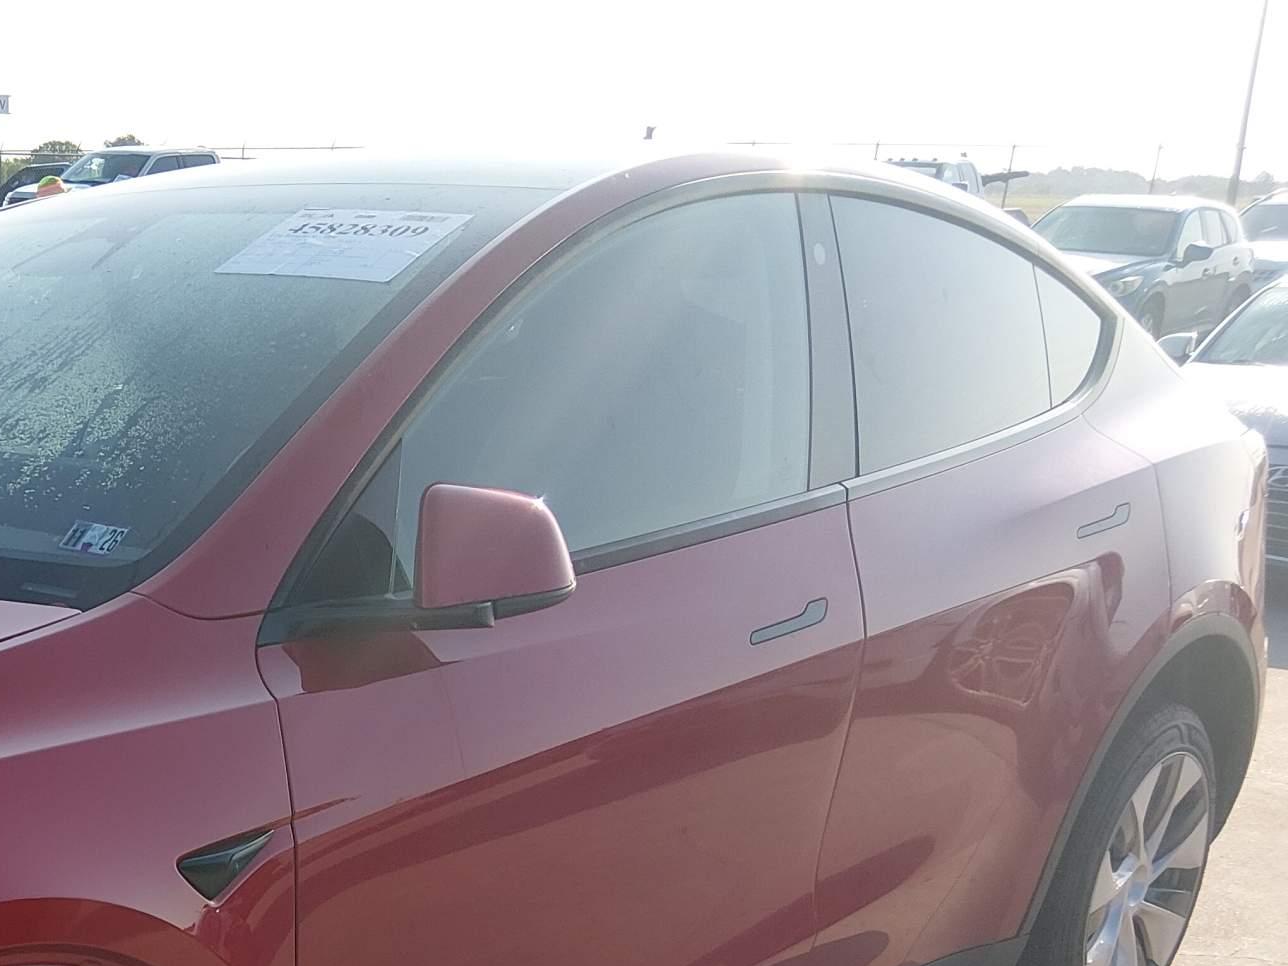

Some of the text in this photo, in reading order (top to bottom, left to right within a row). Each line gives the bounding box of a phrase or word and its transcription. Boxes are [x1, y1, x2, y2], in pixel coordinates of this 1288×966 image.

[0, 99, 6, 110] V
[288, 221, 431, 238] 45828309
[99, 529, 125, 552] 26
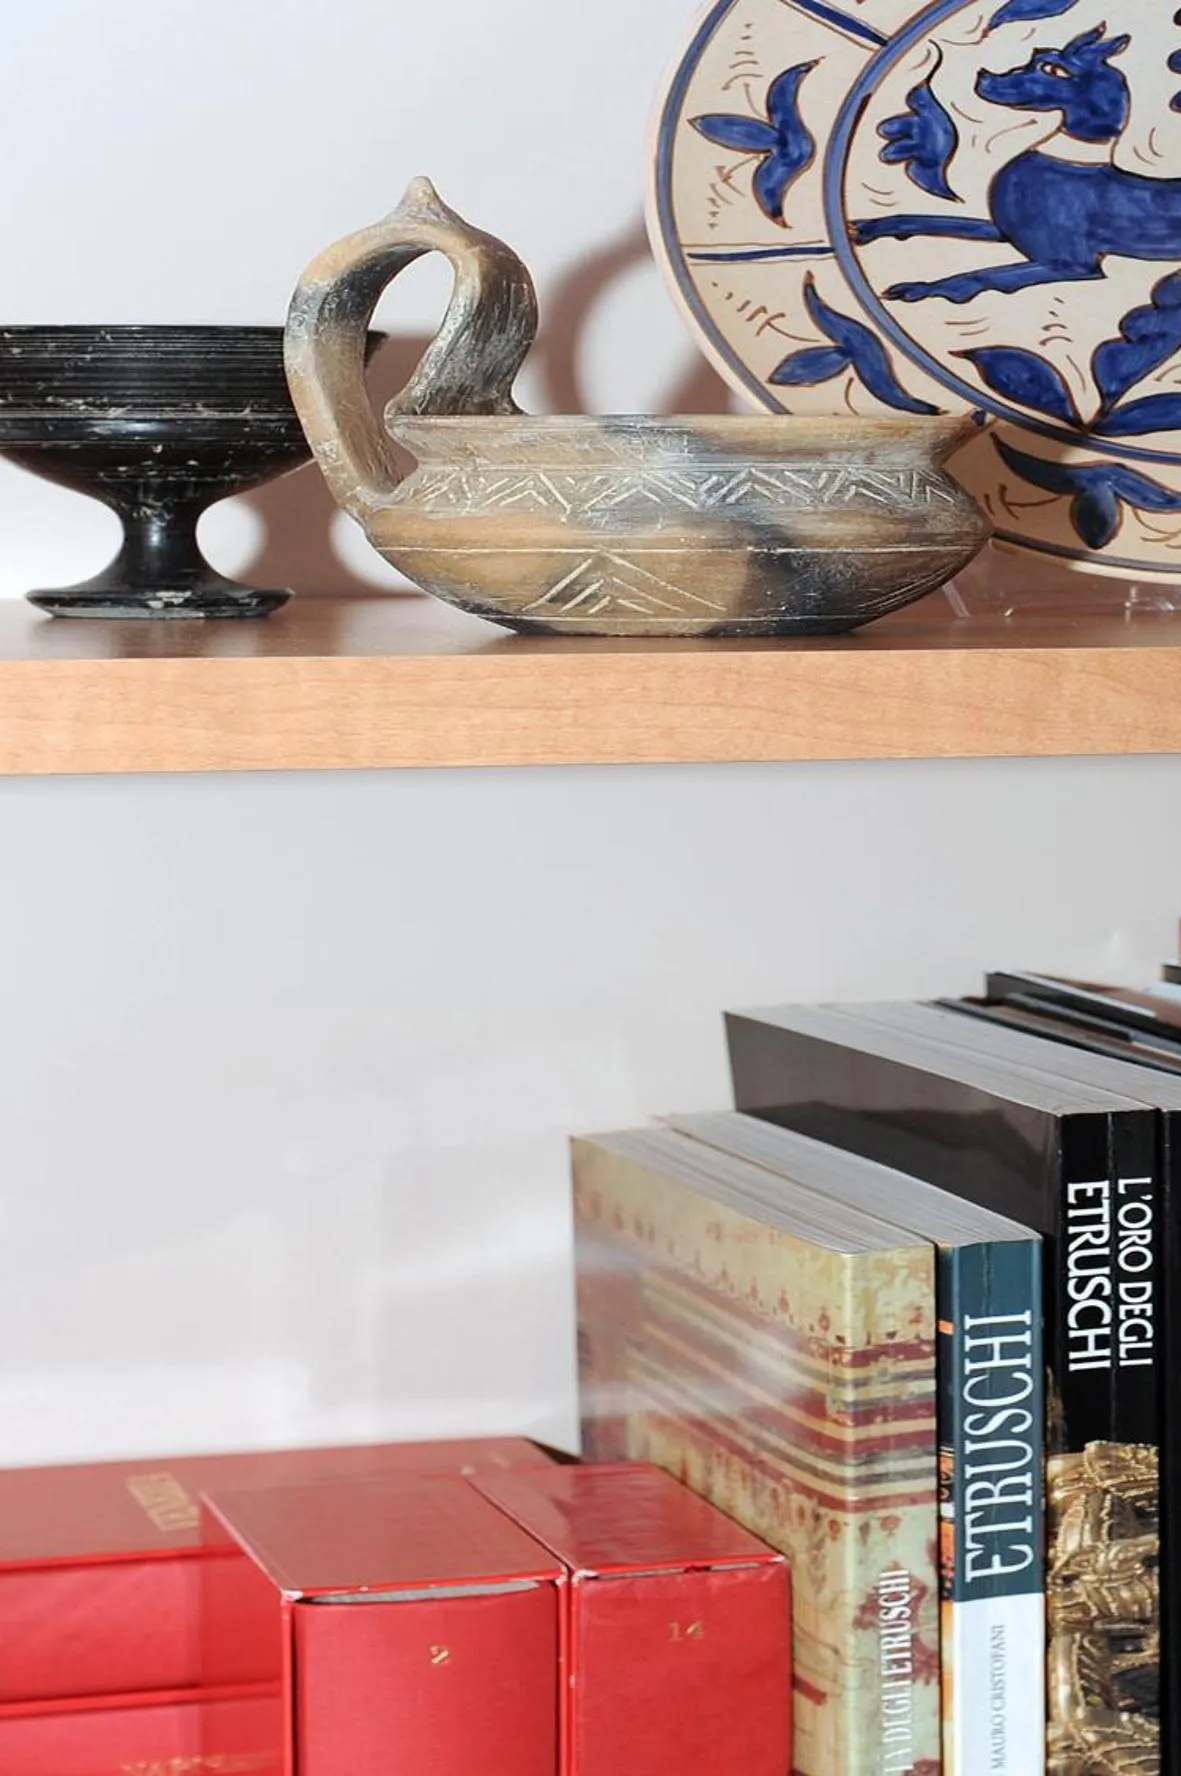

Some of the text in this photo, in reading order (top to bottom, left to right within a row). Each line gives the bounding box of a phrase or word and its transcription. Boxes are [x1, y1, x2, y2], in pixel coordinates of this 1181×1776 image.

[1067, 1179, 1113, 1372] ETRUSCHI
[1117, 1177, 1154, 1367] L'ORO DEGLI
[963, 1309, 1034, 1583] ETRUSCHI
[878, 1569, 913, 1676] ETRUSCHI
[989, 1624, 1008, 1770] MAURO CRISTOFANI
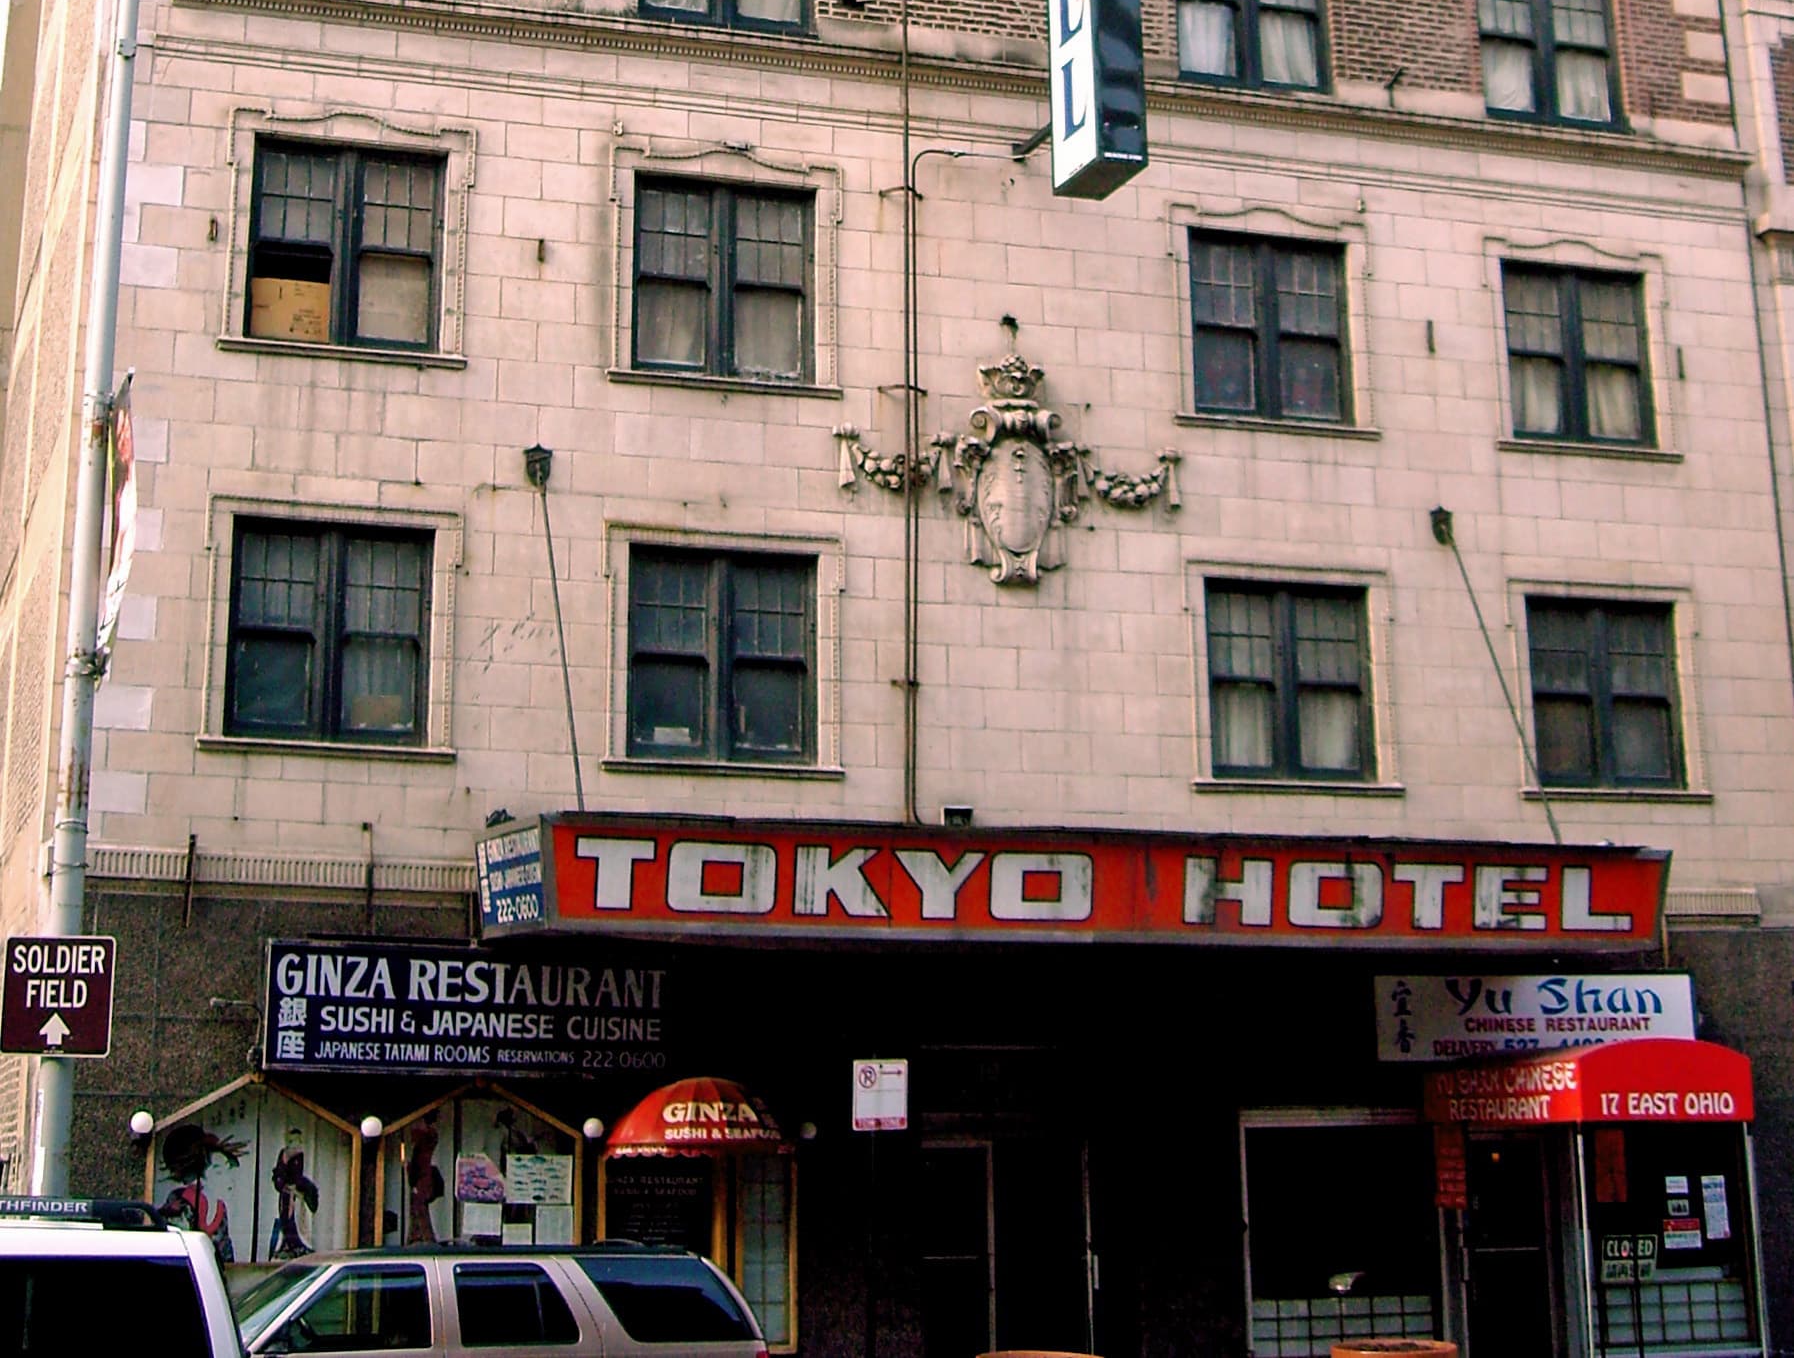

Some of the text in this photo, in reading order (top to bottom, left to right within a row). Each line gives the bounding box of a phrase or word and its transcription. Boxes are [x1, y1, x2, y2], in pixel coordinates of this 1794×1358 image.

[576, 836, 1094, 922] TOKYO
[1183, 854, 1634, 933] HOTEL
[13, 945, 106, 974] SOLDIER
[26, 979, 88, 1008] FIELD
[276, 953, 667, 1009] GINZA RESTAURANT
[1445, 978, 1664, 1015] Yu Shan
[277, 997, 307, 1060] 銀座
[320, 1005, 662, 1042] SUSHI & JAPANESE CUISINE
[1464, 1016, 1652, 1034] CHINESE RESTAURANT
[314, 1041, 381, 1061] JAPANESE
[384, 1042, 430, 1063] TATAMI
[433, 1044, 491, 1064] ROOMS
[496, 1048, 575, 1065] RESERVATIONS
[582, 1050, 614, 1068] 222
[1503, 1062, 1578, 1093] CHINESE
[662, 1101, 759, 1123] GINZA
[1449, 1095, 1551, 1121] RESTAURANT
[1600, 1091, 1735, 1116] 17 EAST OHIO
[664, 1127, 708, 1140] SUSHI
[711, 1127, 723, 1140] &
[1606, 1239, 1653, 1258] CLOED
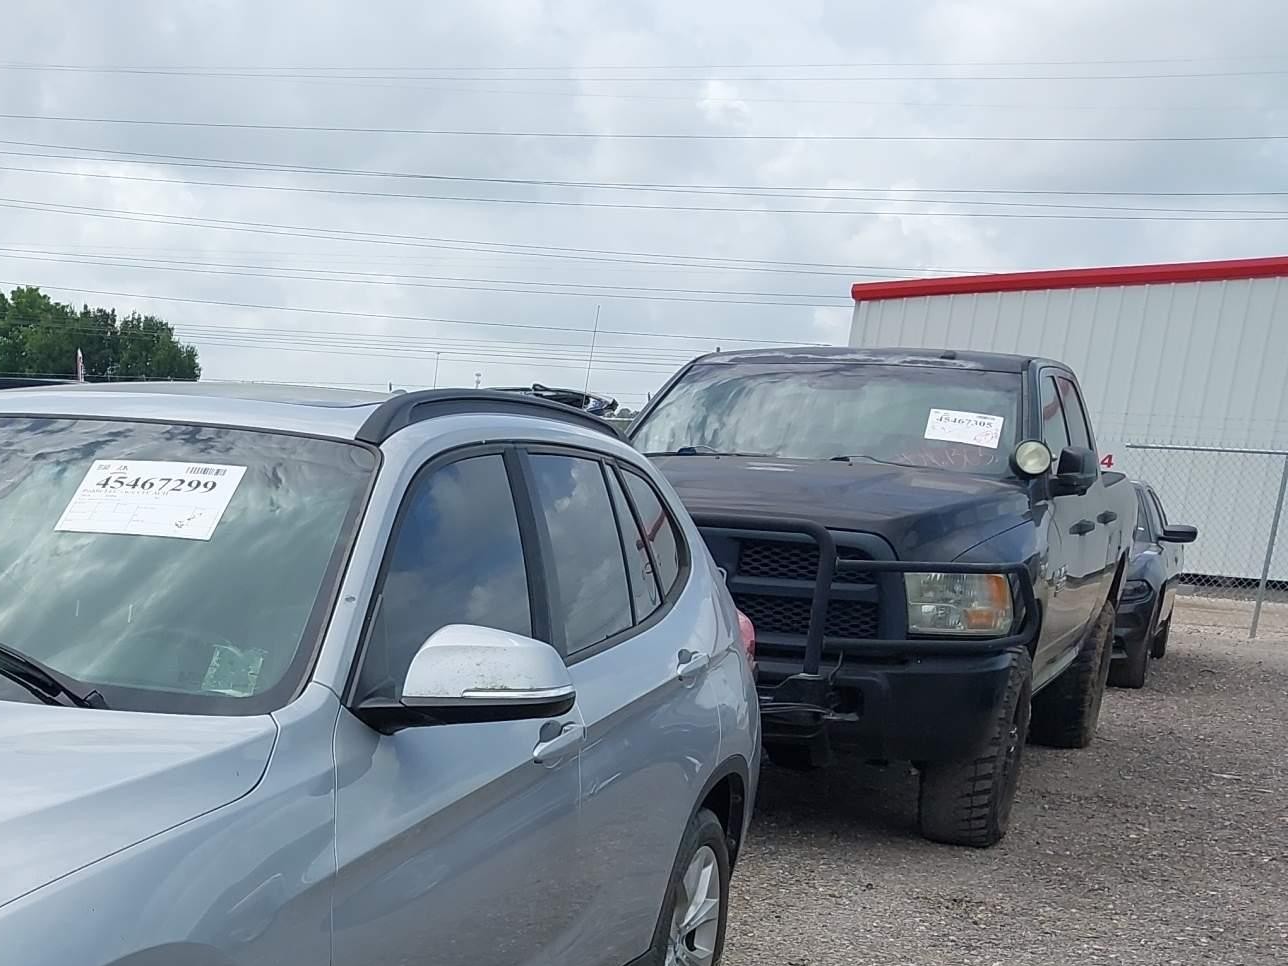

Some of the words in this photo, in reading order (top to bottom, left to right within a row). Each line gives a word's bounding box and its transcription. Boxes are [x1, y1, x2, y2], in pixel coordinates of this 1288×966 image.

________

ACTIVITY:
Line by line and exactly, write out the material above. Skip the pictures.

EXPECTED OUTPUT:
Some of the text in this photo, in reading order (top to bottom, left to right within a row). Each line gives the bounding box of a phrase or word and its transcription. Boxes are [x1, y1, x2, y2], in pixel coordinates of this 1288×966 image.

[0, 99, 6, 110] V
[288, 221, 431, 238] 45828309
[99, 529, 125, 552] 26

Some of the text in this photo, in reading order (top to bottom, left to right within a row). Each line gives the bounding box of a phrase or word and its transcription. Boxes are [x1, y1, x2, y2], in pixel coordinates of this 1181×1776 image.

[1067, 1179, 1113, 1372] ETRUSCHI
[1117, 1177, 1154, 1367] L'ORO DEGLI
[963, 1309, 1034, 1583] ETRUSCHI
[878, 1569, 913, 1676] ETRUSCHI
[989, 1624, 1008, 1770] MAURO CRISTOFANI

Some of the text in this photo, in reading order (top to bottom, left to right within a row). Each line gives the bounding box of a phrase or word and its transcription. Boxes are [x1, y1, x2, y2], in pixel coordinates of this 1794×1358 image.

[576, 836, 1094, 922] TOKYO
[1183, 854, 1634, 933] HOTEL
[13, 945, 106, 974] SOLDIER
[26, 979, 88, 1008] FIELD
[276, 953, 667, 1009] GINZA RESTAURANT
[1445, 978, 1664, 1015] Yu Shan
[277, 997, 307, 1060] 銀座
[320, 1005, 662, 1042] SUSHI & JAPANESE CUISINE
[1464, 1016, 1652, 1034] CHINESE RESTAURANT
[314, 1041, 381, 1061] JAPANESE
[384, 1042, 430, 1063] TATAMI
[433, 1044, 491, 1064] ROOMS
[496, 1048, 575, 1065] RESERVATIONS
[582, 1050, 614, 1068] 222
[1503, 1062, 1578, 1093] CHINESE
[662, 1101, 759, 1123] GINZA
[1449, 1095, 1551, 1121] RESTAURANT
[1600, 1091, 1735, 1116] 17 EAST OHIO
[664, 1127, 708, 1140] SUSHI
[711, 1127, 723, 1140] &
[1606, 1239, 1653, 1258] CLOED

Some of the words in this photo, in reading order (top to bottom, left to right within a row). Each line gives a word's bounding box and its transcription. Boxes are [x1, y1, x2, y2], in pixel coordinates of this 1288×966 image.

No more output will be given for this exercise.